*What you are asked to do*
From the line containing "Some of the text" to the end of the entries, return every line exactly, both ends included, and add nothing.

*Extracted entries*

*** Begin section ***

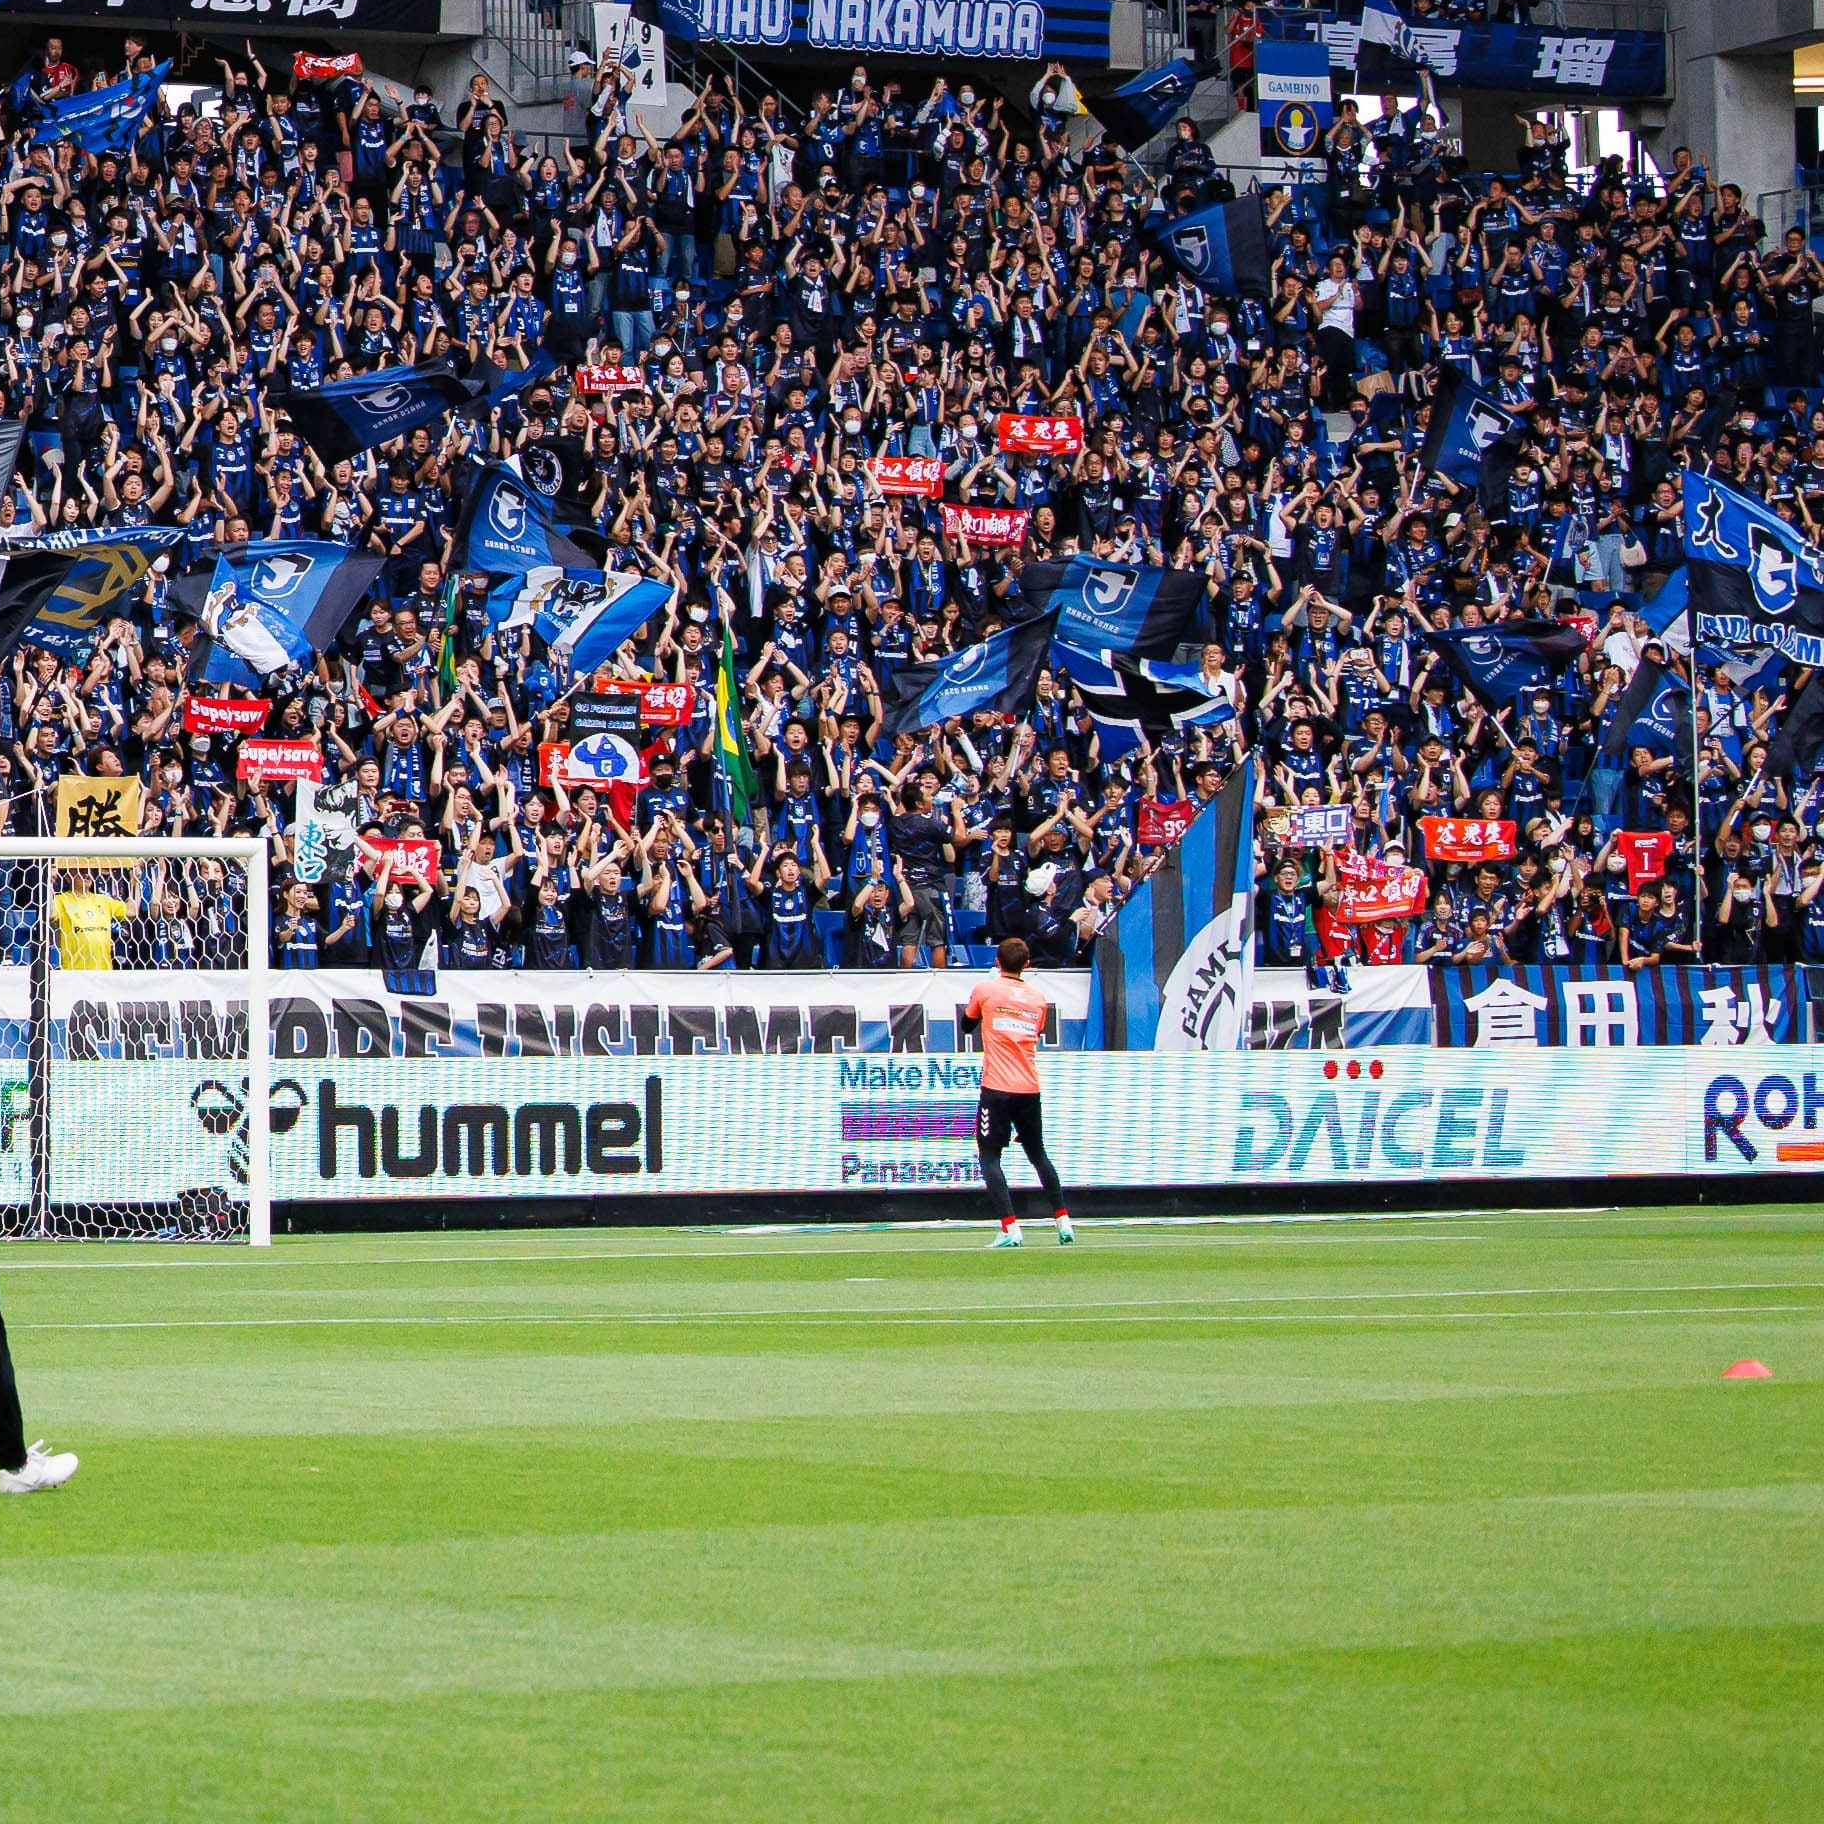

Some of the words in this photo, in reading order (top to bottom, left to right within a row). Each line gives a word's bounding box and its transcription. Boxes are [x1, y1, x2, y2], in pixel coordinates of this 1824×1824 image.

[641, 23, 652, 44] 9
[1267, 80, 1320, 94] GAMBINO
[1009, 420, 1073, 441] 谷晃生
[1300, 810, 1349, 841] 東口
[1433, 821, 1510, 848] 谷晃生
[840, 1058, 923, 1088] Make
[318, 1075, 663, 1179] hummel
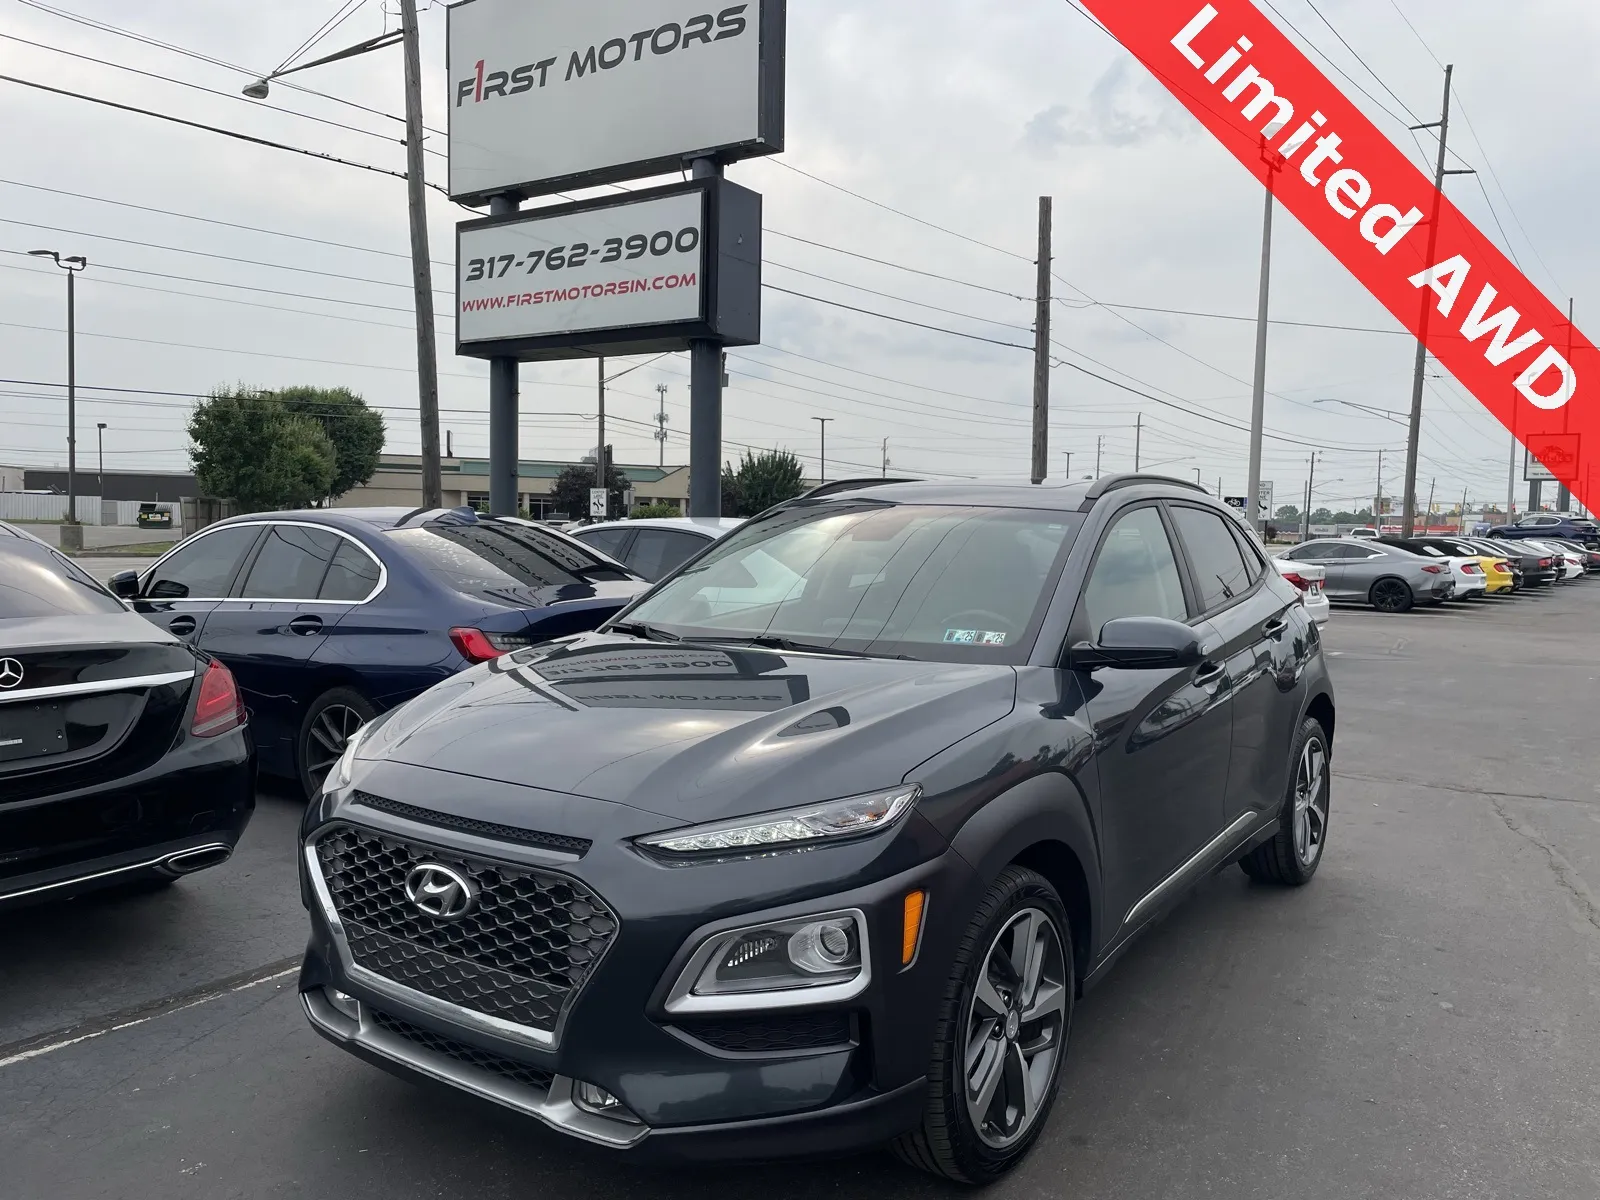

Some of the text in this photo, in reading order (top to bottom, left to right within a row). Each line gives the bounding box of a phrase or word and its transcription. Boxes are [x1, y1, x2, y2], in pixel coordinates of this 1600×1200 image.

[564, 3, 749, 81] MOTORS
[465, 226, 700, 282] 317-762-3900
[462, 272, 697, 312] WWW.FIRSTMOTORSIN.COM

*** End section ***

*Answer space*
Some of the text in this photo, in reading order (top to bottom, left to right within a row). Each line gives the bounding box of a phrase or word and its transcription. Boxes are [x1, y1, x2, y2], in pixel coordinates of this 1600×1200 image.

[564, 3, 749, 81] MOTORS
[465, 226, 700, 282] 317-762-3900
[462, 272, 697, 312] WWW.FIRSTMOTORSIN.COM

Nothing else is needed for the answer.